• [WORK TASK]:
Transcribe, without any alteration, only the lines that begin at the line containing "Some of the text" and run to the last line below.

• [SOURCE INFORMATION]:
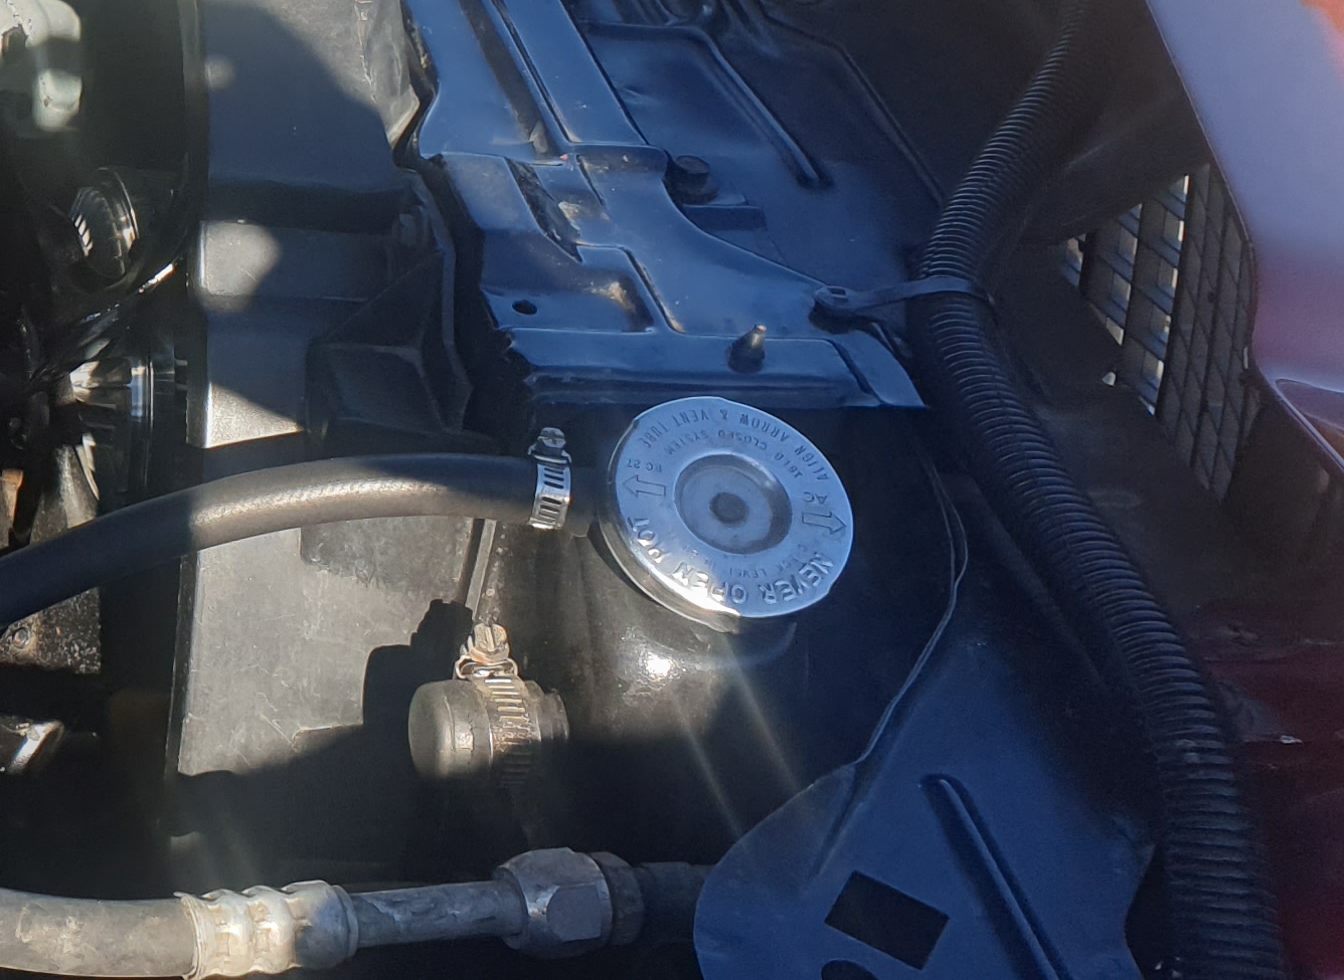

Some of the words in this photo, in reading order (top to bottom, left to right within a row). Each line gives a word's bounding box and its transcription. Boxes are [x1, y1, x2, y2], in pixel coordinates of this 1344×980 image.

[674, 409, 709, 426] VENT
[739, 413, 789, 442] ARROW
[803, 491, 827, 504] AC
[627, 516, 665, 564] HOT
[673, 561, 748, 604] OPEN
[760, 551, 833, 604] NEVER
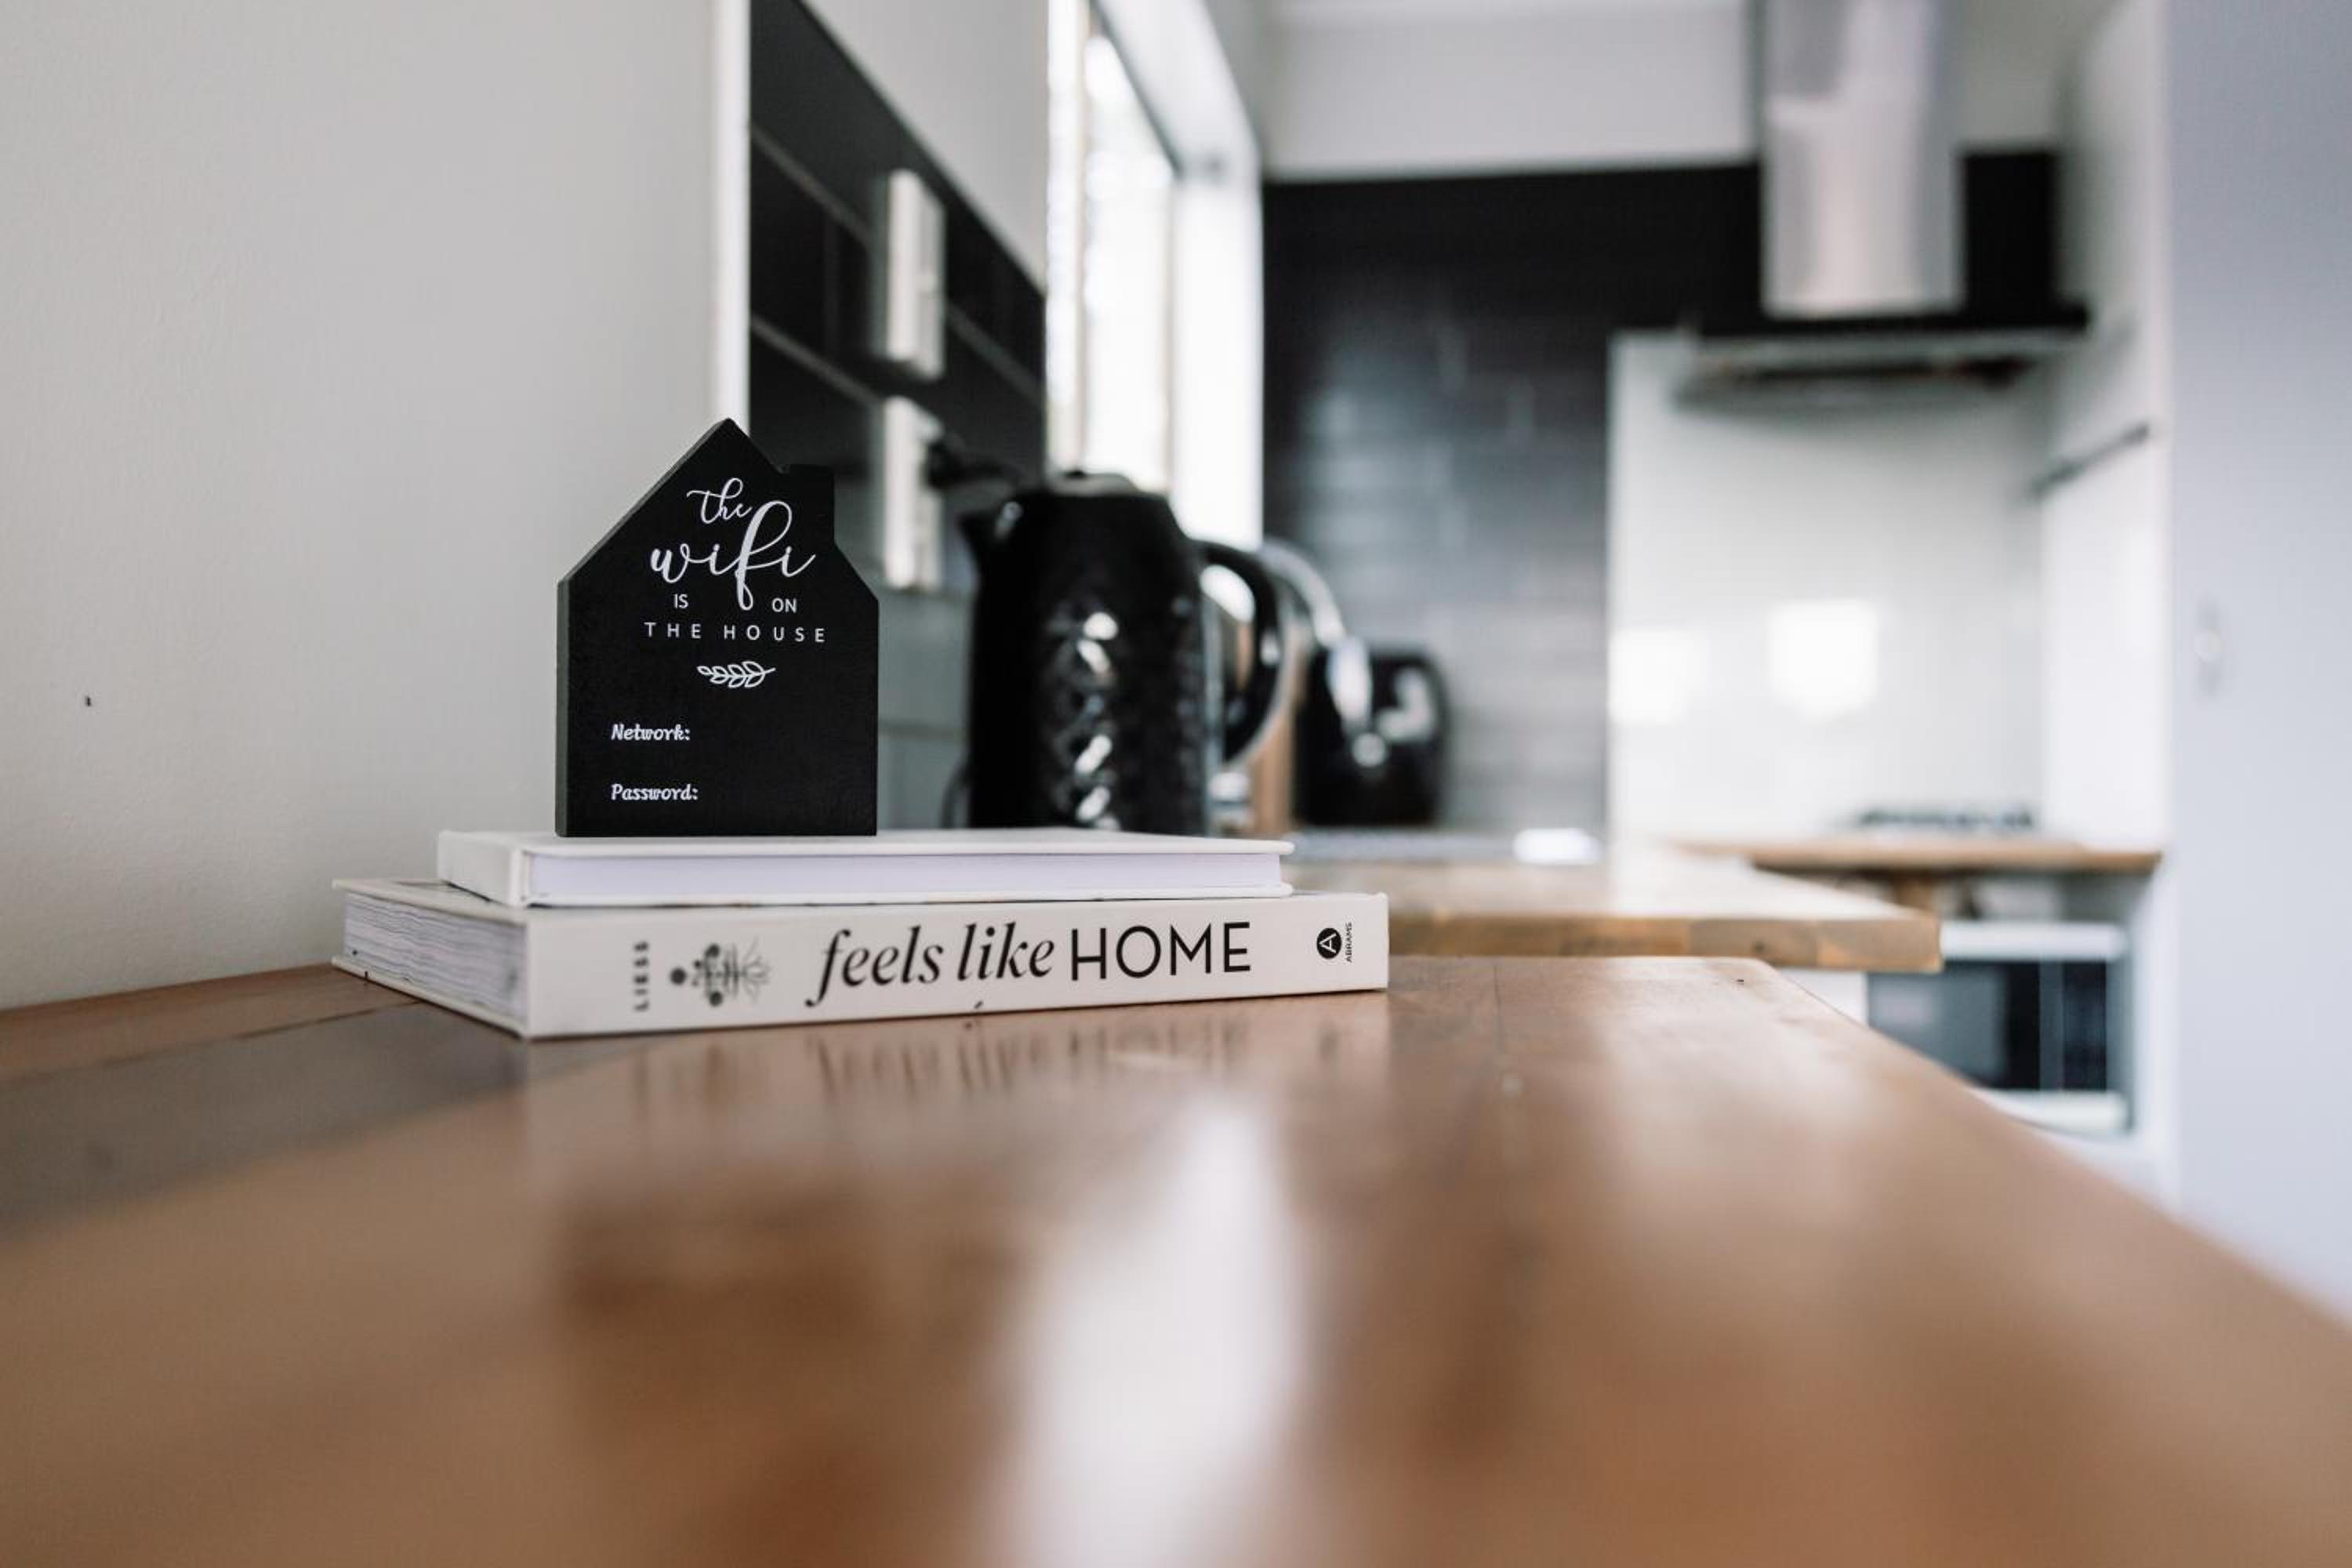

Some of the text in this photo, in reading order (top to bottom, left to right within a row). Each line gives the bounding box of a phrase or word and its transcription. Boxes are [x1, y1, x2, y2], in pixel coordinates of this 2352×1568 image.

[686, 477, 753, 524] the
[649, 500, 816, 611] wifi
[673, 593, 797, 613] IS ON
[644, 622, 826, 643] THE HOUSE
[611, 723, 691, 741] Network:
[611, 783, 699, 801] Password:
[1345, 922, 1353, 964] ABRAMS
[804, 920, 1251, 1007] feels like HOME

• [EXERCISE SOLUTION]:
Some of the text in this photo, in reading order (top to bottom, left to right within a row). Each line gives the bounding box of a phrase or word and its transcription. Boxes are [x1, y1, x2, y2], in pixel coordinates of this 2352×1568 image.

[686, 477, 753, 524] the
[649, 500, 816, 611] wifi
[673, 593, 797, 613] IS ON
[644, 622, 826, 643] THE HOUSE
[611, 723, 691, 741] Network:
[611, 783, 699, 801] Password:
[1345, 922, 1353, 964] ABRAMS
[804, 920, 1251, 1007] feels like HOME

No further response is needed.